Your assignment – Reproduce the records below exactly, leaving out any pictures.

Extracted entries –
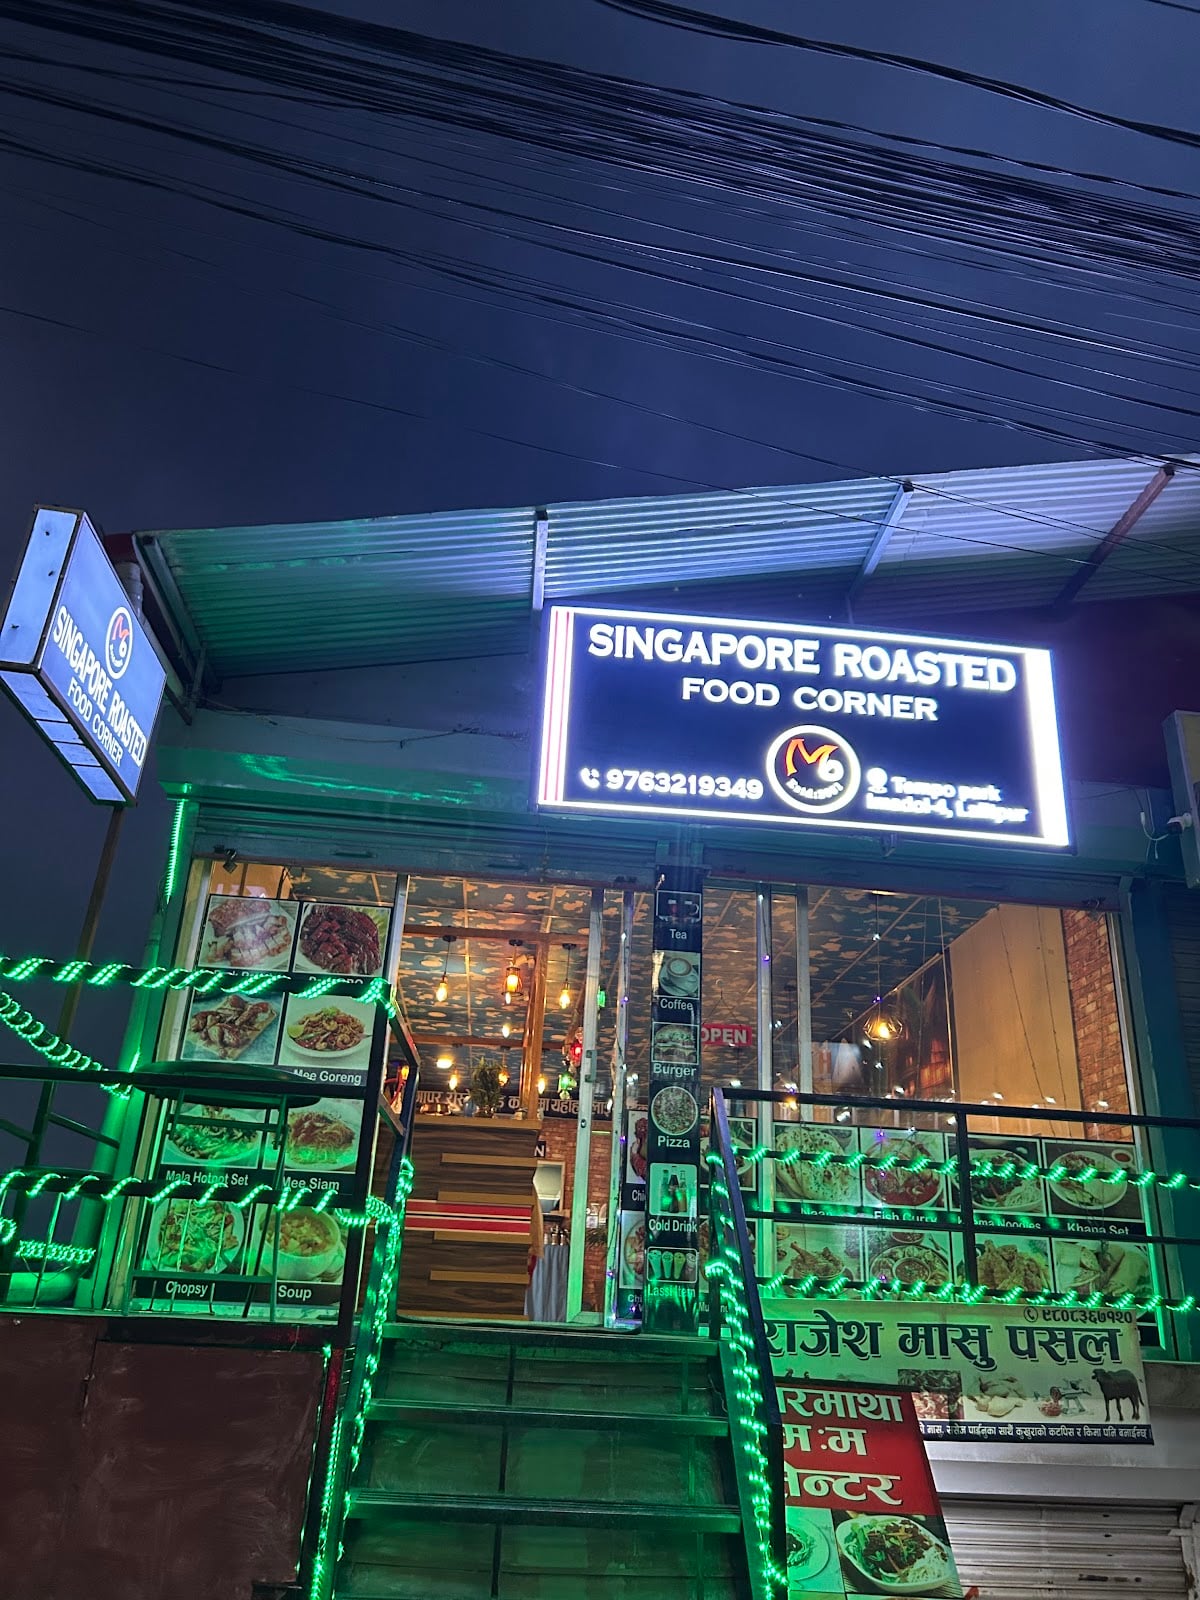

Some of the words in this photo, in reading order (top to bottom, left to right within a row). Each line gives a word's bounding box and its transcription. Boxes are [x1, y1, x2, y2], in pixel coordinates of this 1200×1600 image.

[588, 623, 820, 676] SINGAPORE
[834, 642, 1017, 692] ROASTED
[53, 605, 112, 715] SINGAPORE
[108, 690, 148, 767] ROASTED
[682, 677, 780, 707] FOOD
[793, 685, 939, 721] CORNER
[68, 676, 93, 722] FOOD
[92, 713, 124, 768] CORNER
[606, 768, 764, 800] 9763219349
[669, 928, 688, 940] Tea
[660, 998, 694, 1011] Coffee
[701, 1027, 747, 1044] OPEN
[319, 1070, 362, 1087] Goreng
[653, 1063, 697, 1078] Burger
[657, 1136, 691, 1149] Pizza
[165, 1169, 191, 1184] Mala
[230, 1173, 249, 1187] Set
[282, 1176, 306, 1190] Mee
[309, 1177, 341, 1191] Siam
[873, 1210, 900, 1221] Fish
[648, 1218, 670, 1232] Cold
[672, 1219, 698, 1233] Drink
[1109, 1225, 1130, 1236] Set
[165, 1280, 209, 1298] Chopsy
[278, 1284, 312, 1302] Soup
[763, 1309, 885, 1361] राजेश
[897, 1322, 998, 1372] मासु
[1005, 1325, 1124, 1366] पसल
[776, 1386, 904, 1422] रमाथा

Result for this task –
Some of the words in this photo, in reading order (top to bottom, left to right within a row). Each line gives a word's bounding box and its transcription. Boxes are [x1, y1, x2, y2], in pixel coordinates of this 1200×1600 image.

[588, 623, 820, 676] SINGAPORE
[834, 642, 1017, 692] ROASTED
[53, 605, 112, 715] SINGAPORE
[108, 690, 148, 767] ROASTED
[682, 677, 780, 707] FOOD
[793, 685, 939, 721] CORNER
[68, 676, 93, 722] FOOD
[92, 713, 124, 768] CORNER
[606, 768, 764, 800] 9763219349
[669, 928, 688, 940] Tea
[660, 998, 694, 1011] Coffee
[701, 1027, 747, 1044] OPEN
[319, 1070, 362, 1087] Goreng
[653, 1063, 697, 1078] Burger
[657, 1136, 691, 1149] Pizza
[165, 1169, 191, 1184] Mala
[230, 1173, 249, 1187] Set
[282, 1176, 306, 1190] Mee
[309, 1177, 341, 1191] Siam
[873, 1210, 900, 1221] Fish
[648, 1218, 670, 1232] Cold
[672, 1219, 698, 1233] Drink
[1109, 1225, 1130, 1236] Set
[165, 1280, 209, 1298] Chopsy
[278, 1284, 312, 1302] Soup
[763, 1309, 885, 1361] राजेश
[897, 1322, 998, 1372] मासु
[1005, 1325, 1124, 1366] पसल
[776, 1386, 904, 1422] रमाथा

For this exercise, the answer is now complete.